> **YOUR TASK**:
In your copy, include no images and return each entry exactly as written.

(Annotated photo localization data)
>>>>

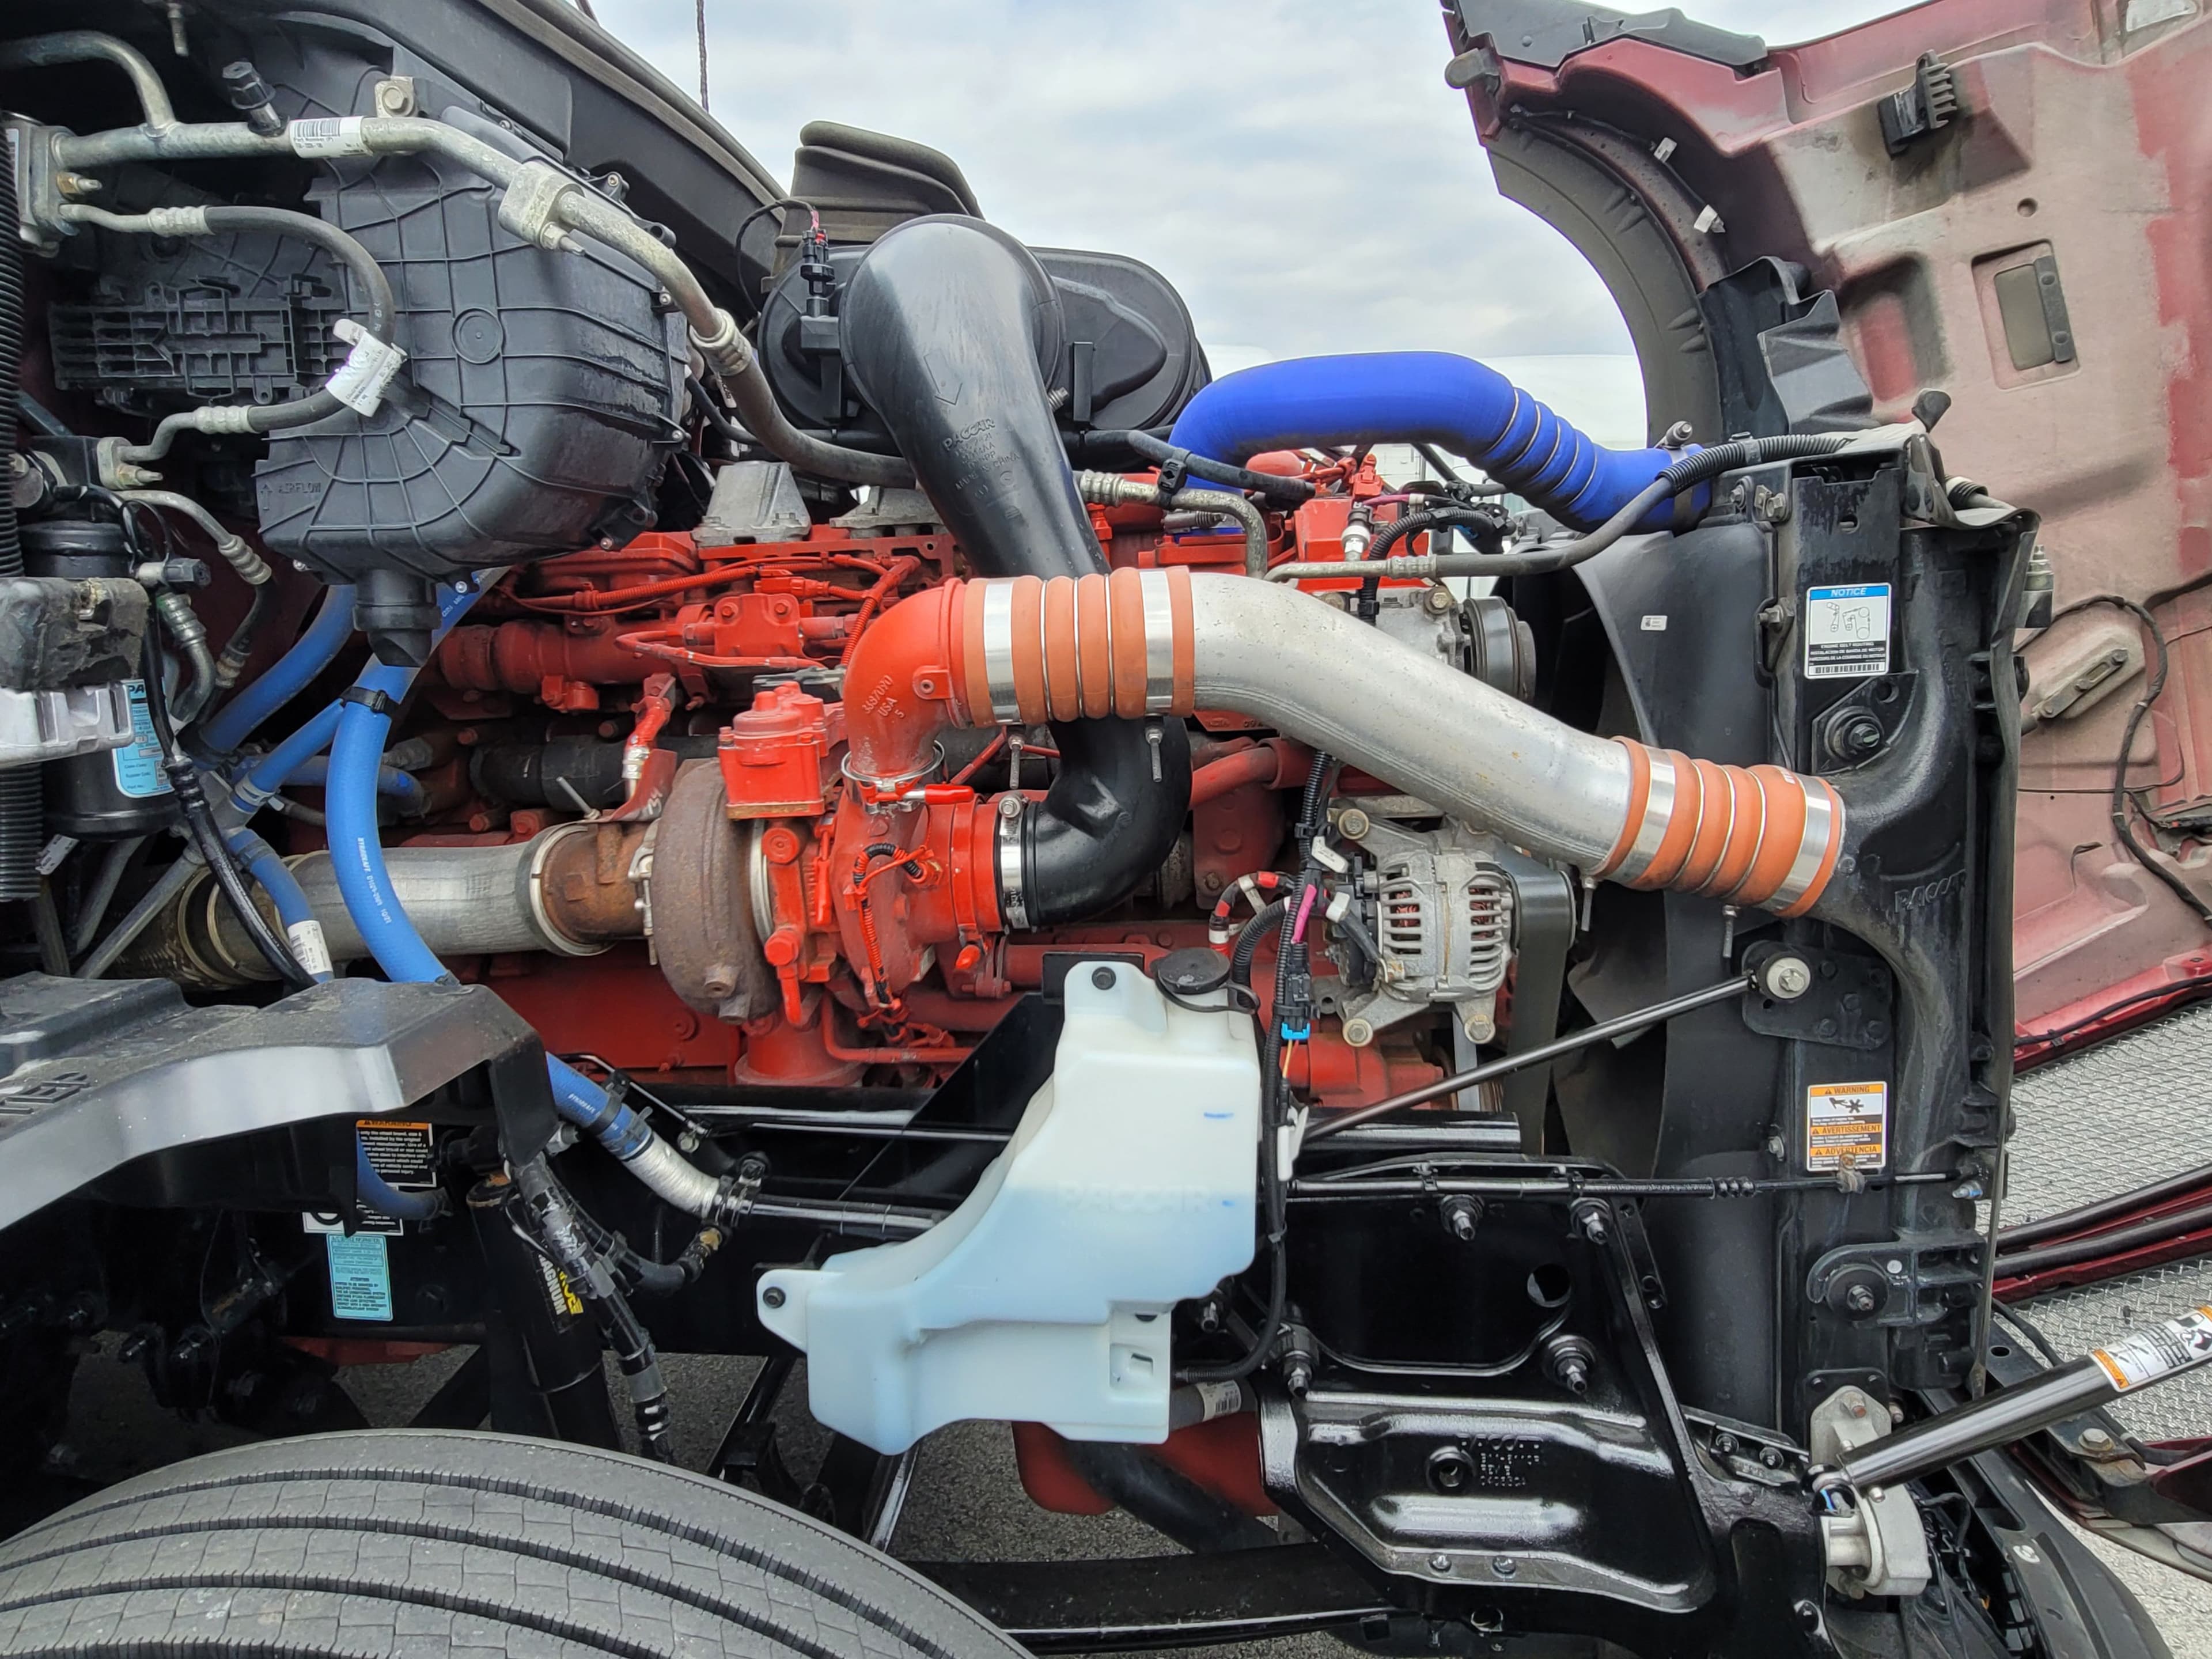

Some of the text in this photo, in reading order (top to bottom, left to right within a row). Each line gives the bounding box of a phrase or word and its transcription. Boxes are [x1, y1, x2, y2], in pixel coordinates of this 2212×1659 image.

[942, 418, 996, 452] PACCAR
[1831, 588, 1867, 597] NOTICE
[877, 698, 897, 716] USA
[1834, 1086, 1870, 1094] WARNING
[1822, 1124, 1880, 1134] AVERTISSEMENT
[1825, 1146, 1877, 1154] ADVERTENCIA

<<<<

> **SOLUTION FOR THIS PROBLEM**:
Some of the text in this photo, in reading order (top to bottom, left to right within a row). Each line gives the bounding box of a phrase or word and its transcription. Boxes are [x1, y1, x2, y2], in pixel coordinates of this 2212×1659 image.

[942, 418, 996, 452] PACCAR
[1831, 588, 1867, 597] NOTICE
[877, 698, 897, 716] USA
[1834, 1086, 1870, 1094] WARNING
[1822, 1124, 1880, 1134] AVERTISSEMENT
[1825, 1146, 1877, 1154] ADVERTENCIA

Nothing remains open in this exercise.